▼

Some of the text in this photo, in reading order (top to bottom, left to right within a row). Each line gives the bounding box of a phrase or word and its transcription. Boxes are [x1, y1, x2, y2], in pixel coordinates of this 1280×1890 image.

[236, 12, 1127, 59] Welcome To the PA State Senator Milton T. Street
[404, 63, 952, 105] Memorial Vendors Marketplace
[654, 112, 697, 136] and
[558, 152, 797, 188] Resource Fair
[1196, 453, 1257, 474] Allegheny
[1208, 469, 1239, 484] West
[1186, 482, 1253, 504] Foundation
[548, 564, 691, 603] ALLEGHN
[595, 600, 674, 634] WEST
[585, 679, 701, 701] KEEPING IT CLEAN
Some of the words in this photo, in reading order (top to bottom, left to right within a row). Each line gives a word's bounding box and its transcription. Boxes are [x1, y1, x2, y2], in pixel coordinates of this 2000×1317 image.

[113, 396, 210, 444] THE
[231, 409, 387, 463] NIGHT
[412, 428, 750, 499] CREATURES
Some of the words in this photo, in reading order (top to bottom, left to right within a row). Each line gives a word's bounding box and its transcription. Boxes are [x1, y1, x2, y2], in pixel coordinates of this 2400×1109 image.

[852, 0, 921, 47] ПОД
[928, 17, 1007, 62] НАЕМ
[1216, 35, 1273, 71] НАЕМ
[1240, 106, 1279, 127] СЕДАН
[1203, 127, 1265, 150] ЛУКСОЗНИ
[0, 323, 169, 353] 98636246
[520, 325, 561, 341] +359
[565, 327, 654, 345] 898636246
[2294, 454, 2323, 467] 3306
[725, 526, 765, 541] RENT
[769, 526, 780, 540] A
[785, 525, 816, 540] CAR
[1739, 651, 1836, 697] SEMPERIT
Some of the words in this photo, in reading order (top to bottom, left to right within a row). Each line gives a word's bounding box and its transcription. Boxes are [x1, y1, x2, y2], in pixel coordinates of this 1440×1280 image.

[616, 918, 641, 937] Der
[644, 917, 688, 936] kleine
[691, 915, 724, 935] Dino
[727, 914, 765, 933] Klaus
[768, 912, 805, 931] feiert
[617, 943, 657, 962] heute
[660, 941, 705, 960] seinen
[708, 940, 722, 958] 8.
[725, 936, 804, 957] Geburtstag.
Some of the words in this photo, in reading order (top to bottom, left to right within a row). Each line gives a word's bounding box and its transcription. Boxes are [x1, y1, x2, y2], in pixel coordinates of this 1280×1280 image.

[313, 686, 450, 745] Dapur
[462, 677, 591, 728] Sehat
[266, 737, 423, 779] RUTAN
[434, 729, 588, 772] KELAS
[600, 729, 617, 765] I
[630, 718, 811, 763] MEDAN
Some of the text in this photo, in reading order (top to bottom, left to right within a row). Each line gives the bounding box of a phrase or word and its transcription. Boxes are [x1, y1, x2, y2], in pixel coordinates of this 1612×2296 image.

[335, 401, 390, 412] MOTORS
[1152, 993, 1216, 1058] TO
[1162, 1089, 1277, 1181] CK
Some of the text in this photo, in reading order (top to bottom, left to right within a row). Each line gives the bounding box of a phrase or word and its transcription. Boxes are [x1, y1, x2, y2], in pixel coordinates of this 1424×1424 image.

▲

▶ What the exercise asks
What's wanted here is every record, retyped exactly as shown above.

▶ Expected output
Some of the text in this photo, in reading order (top to bottom, left to right within a row). Each line gives the bounding box of a phrase or word and its transcription. Boxes are [x1, y1, x2, y2], in pixel coordinates of this 1280×1890 image.

[236, 12, 1127, 59] Welcome To the PA State Senator Milton T. Street
[404, 63, 952, 105] Memorial Vendors Marketplace
[654, 112, 697, 136] and
[558, 152, 797, 188] Resource Fair
[1196, 453, 1257, 474] Allegheny
[1208, 469, 1239, 484] West
[1186, 482, 1253, 504] Foundation
[548, 564, 691, 603] ALLEGHN
[595, 600, 674, 634] WEST
[585, 679, 701, 701] KEEPING IT CLEAN
Some of the words in this photo, in reading order (top to bottom, left to right within a row). Each line gives a word's bounding box and its transcription. Boxes are [x1, y1, x2, y2], in pixel coordinates of this 2000×1317 image.

[113, 396, 210, 444] THE
[231, 409, 387, 463] NIGHT
[412, 428, 750, 499] CREATURES
Some of the words in this photo, in reading order (top to bottom, left to right within a row). Each line gives a word's bounding box and its transcription. Boxes are [x1, y1, x2, y2], in pixel coordinates of this 2400×1109 image.

[852, 0, 921, 47] ПОД
[928, 17, 1007, 62] НАЕМ
[1216, 35, 1273, 71] НАЕМ
[1240, 106, 1279, 127] СЕДАН
[1203, 127, 1265, 150] ЛУКСОЗНИ
[0, 323, 169, 353] 98636246
[520, 325, 561, 341] +359
[565, 327, 654, 345] 898636246
[2294, 454, 2323, 467] 3306
[725, 526, 765, 541] RENT
[769, 526, 780, 540] A
[785, 525, 816, 540] CAR
[1739, 651, 1836, 697] SEMPERIT
Some of the words in this photo, in reading order (top to bottom, left to right within a row). Each line gives a word's bounding box and its transcription. Boxes are [x1, y1, x2, y2], in pixel coordinates of this 1440×1280 image.

[616, 918, 641, 937] Der
[644, 917, 688, 936] kleine
[691, 915, 724, 935] Dino
[727, 914, 765, 933] Klaus
[768, 912, 805, 931] feiert
[617, 943, 657, 962] heute
[660, 941, 705, 960] seinen
[708, 940, 722, 958] 8.
[725, 936, 804, 957] Geburtstag.
Some of the words in this photo, in reading order (top to bottom, left to right within a row). Each line gives a word's bounding box and its transcription. Boxes are [x1, y1, x2, y2], in pixel coordinates of this 1280×1280 image.

[313, 686, 450, 745] Dapur
[462, 677, 591, 728] Sehat
[266, 737, 423, 779] RUTAN
[434, 729, 588, 772] KELAS
[600, 729, 617, 765] I
[630, 718, 811, 763] MEDAN
Some of the text in this photo, in reading order (top to bottom, left to right within a row). Each line gives the bounding box of a phrase or word and its transcription. Boxes are [x1, y1, x2, y2], in pixel coordinates of this 1612×2296 image.

[335, 401, 390, 412] MOTORS
[1152, 993, 1216, 1058] TO
[1162, 1089, 1277, 1181] CK
Some of the text in this photo, in reading order (top to bottom, left to right within a row). Each line gives the bounding box of a phrase or word and its transcription. Boxes are [x1, y1, x2, y2], in pixel coordinates of this 1424×1424 image.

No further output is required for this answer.